Any HER mechanism consists of the discharge step and at least one desorption step. If the Volmer step associated with proton adsorption is rate-determining, a slope of ~120 mV/decade should be obtained, while Heyrovsky and Tafel steps should give ~40 and ~30 mV/decade, respectively23. Similar to many other HER catalysts such as Ni2P (46 mV/decade)55, the observed Tafel slope of ~46 m V/decade for MoS2-NR/rGO hybrid catalysts in the current work is close to that of Heyrovsky reaction with 39 mV/decade, so we can assign HER mechanism as quasi-Volmer-Heyrovsky mechanism that electrochemical desorption is the rate-limiting step, although the observed Tafel slope of ~46 m V/decade does not absolutely match any value of the above discussed three steps.
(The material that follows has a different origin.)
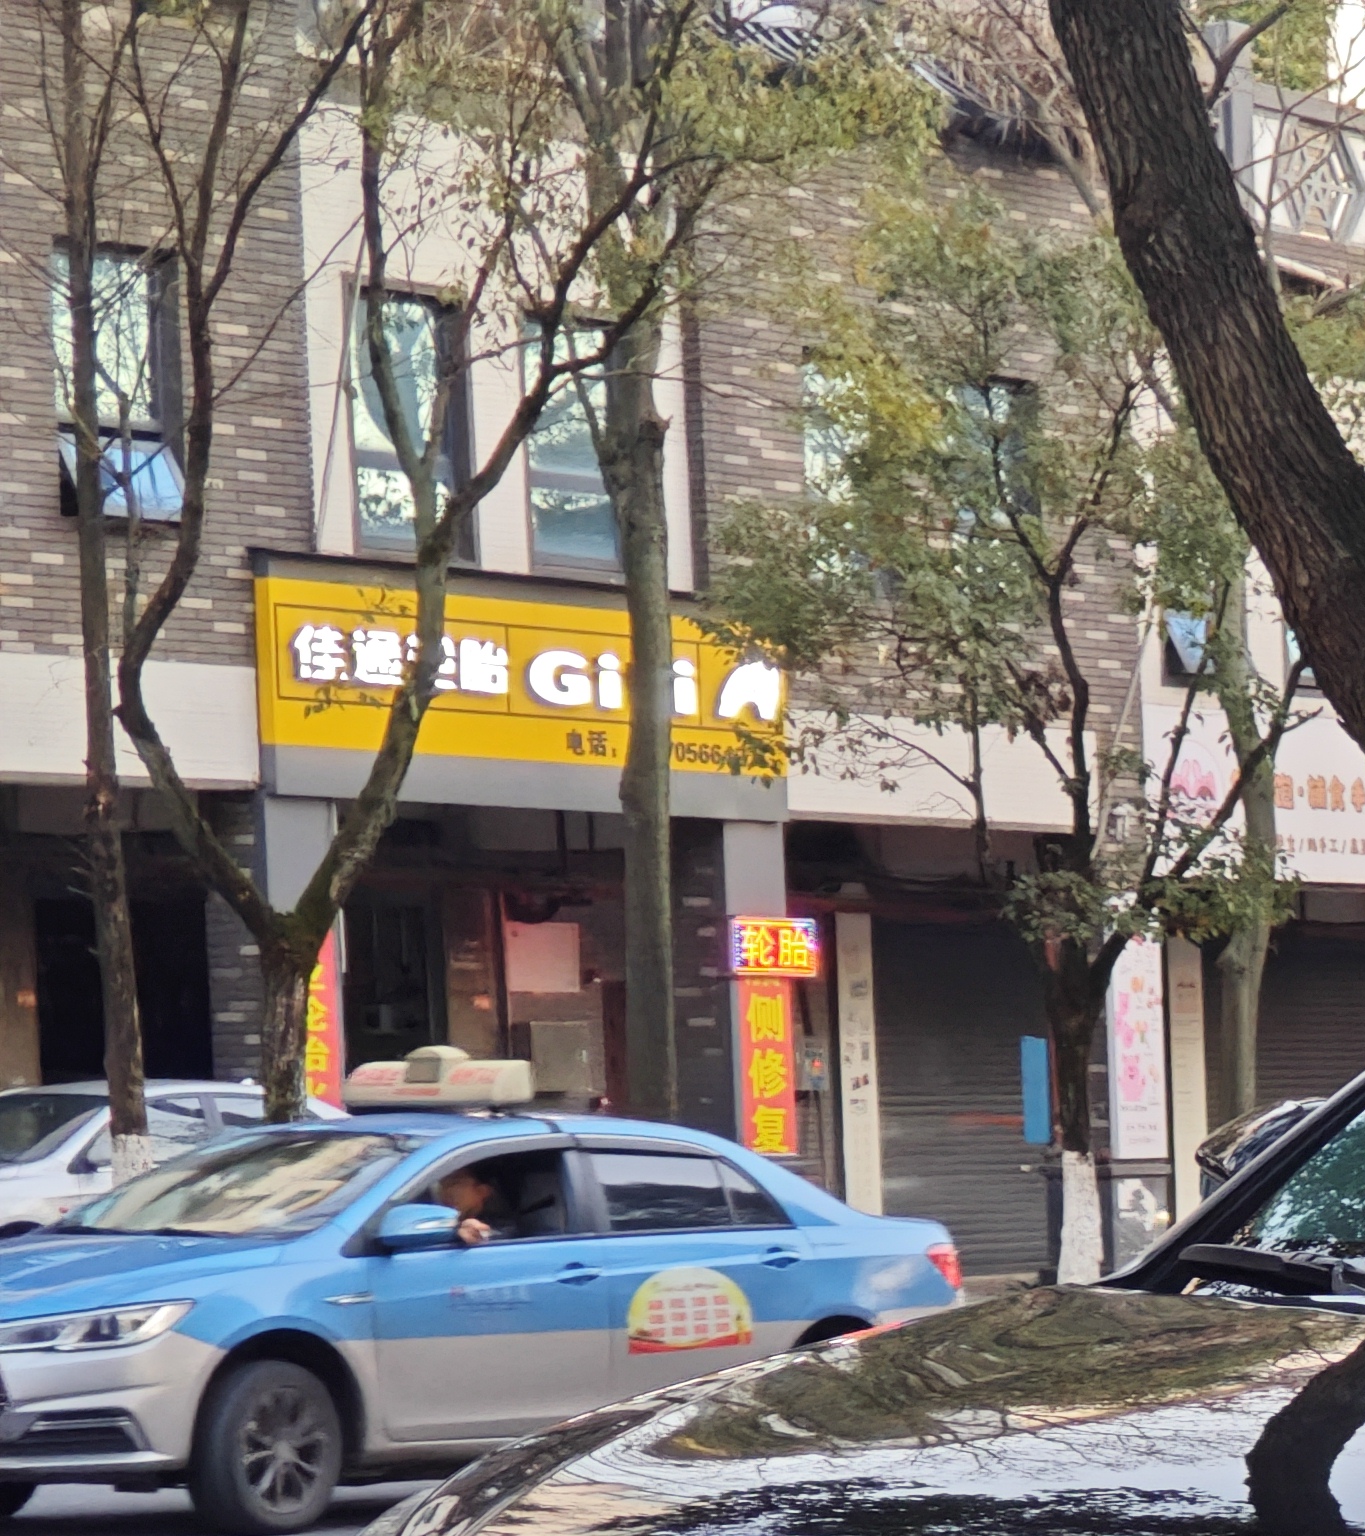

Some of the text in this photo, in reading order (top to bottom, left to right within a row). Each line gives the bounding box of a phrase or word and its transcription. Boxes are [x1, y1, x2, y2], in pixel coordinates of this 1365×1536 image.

[528, 650, 698, 716] Gii
[741, 926, 809, 968] 轮胎
[745, 979, 789, 1153] 侧修复
While, Tafel slope of 60 mV/decade of free MoS2-NR catalysts may indicate that the reaction is to some extent to be determined by the discharge step with higher Tafel slope. This catalytic process mainly occurs either on the surface or at the exposed edges of the MoS2 layers. However, the freshly prepared MoS2 layers have a tendency to aggregate during practical application even in the drying process, resulting in the loss of active sites of ultrathin 2D nanostructures. This rose structure assembled by single-layer will expose many edges, which is closely related to the large surface area of the layers and decrement the agglomeration efficiently. In addition, this 3D graphene network composed of interconnected ultrathin graphene layer penetrates the whole system and supports these MoS2-NR from different direction, which facilitates the electron transportation from the electrode to the surfaces and edges of the single-layer of MoS2. The strong electronic coupling between single-layers of MoS2-NR and 3D graphene network make the electrons filled with whole system quickly. 3D graphene network works as branches which transport the nutrient (electron) from the root (electrode) to the roses (MoS2-NR).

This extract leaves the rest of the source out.